• **Activity**:
Keep the pictures out, please, and set down every record exactly.

• **Exercise data**:

-------

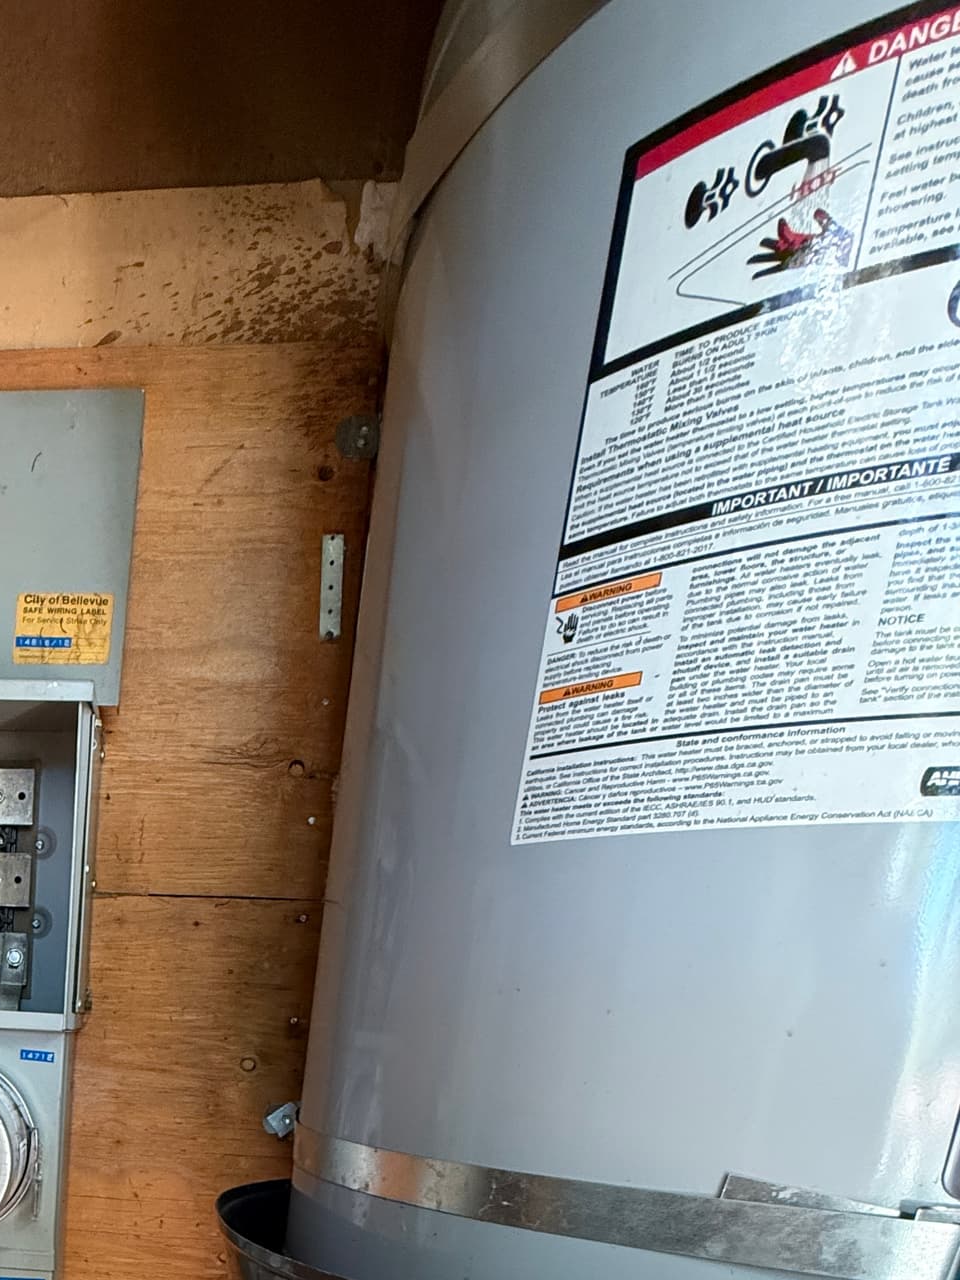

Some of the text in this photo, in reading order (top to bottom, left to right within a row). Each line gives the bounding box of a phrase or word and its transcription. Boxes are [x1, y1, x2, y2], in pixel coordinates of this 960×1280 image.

[902, 83, 938, 102] death
[897, 101, 955, 126] Children,
[909, 113, 958, 135] highest
[911, 177, 946, 193] water
[874, 212, 951, 238] Temperature
[713, 325, 757, 345] PRODUCE
[607, 427, 667, 453] Thermostatic
[669, 416, 702, 431] Mixing
[706, 405, 739, 419] Valves
[703, 423, 775, 450] supplemental
[778, 417, 803, 429] heat
[805, 409, 845, 423] source
[711, 481, 814, 517] IMPORTANT
[826, 457, 952, 491] IMPORTANTE
[822, 540, 837, 548] the
[841, 534, 880, 546] adjacent
[24, 594, 109, 606] City of Bellevue
[589, 583, 633, 600] WARNING
[23, 606, 107, 616] SAFE WIRING LABEL
[878, 613, 926, 627] NOTICE
[768, 629, 788, 638] your
[791, 625, 816, 633] water
[820, 621, 848, 629] heater
[571, 680, 614, 694] WARNING
[568, 695, 599, 709] against
[602, 690, 625, 701] leaks
[676, 726, 846, 747] State and conformance information
[716, 814, 748, 823] National
[750, 814, 789, 823] Appliance
[790, 813, 820, 821] Energy
[821, 810, 876, 819] Conservation

-------

• **Response**:
Some of the text in this photo, in reading order (top to bottom, left to right within a row). Each line gives the bounding box of a phrase or word and its transcription. Boxes are [x1, y1, x2, y2], in pixel coordinates of this 960×1280 image.

[902, 83, 938, 102] death
[897, 101, 955, 126] Children,
[909, 113, 958, 135] highest
[911, 177, 946, 193] water
[874, 212, 951, 238] Temperature
[713, 325, 757, 345] PRODUCE
[607, 427, 667, 453] Thermostatic
[669, 416, 702, 431] Mixing
[706, 405, 739, 419] Valves
[703, 423, 775, 450] supplemental
[778, 417, 803, 429] heat
[805, 409, 845, 423] source
[711, 481, 814, 517] IMPORTANT
[826, 457, 952, 491] IMPORTANTE
[822, 540, 837, 548] the
[841, 534, 880, 546] adjacent
[24, 594, 109, 606] City of Bellevue
[589, 583, 633, 600] WARNING
[23, 606, 107, 616] SAFE WIRING LABEL
[878, 613, 926, 627] NOTICE
[768, 629, 788, 638] your
[791, 625, 816, 633] water
[820, 621, 848, 629] heater
[571, 680, 614, 694] WARNING
[568, 695, 599, 709] against
[602, 690, 625, 701] leaks
[676, 726, 846, 747] State and conformance information
[716, 814, 748, 823] National
[750, 814, 789, 823] Appliance
[790, 813, 820, 821] Energy
[821, 810, 876, 819] Conservation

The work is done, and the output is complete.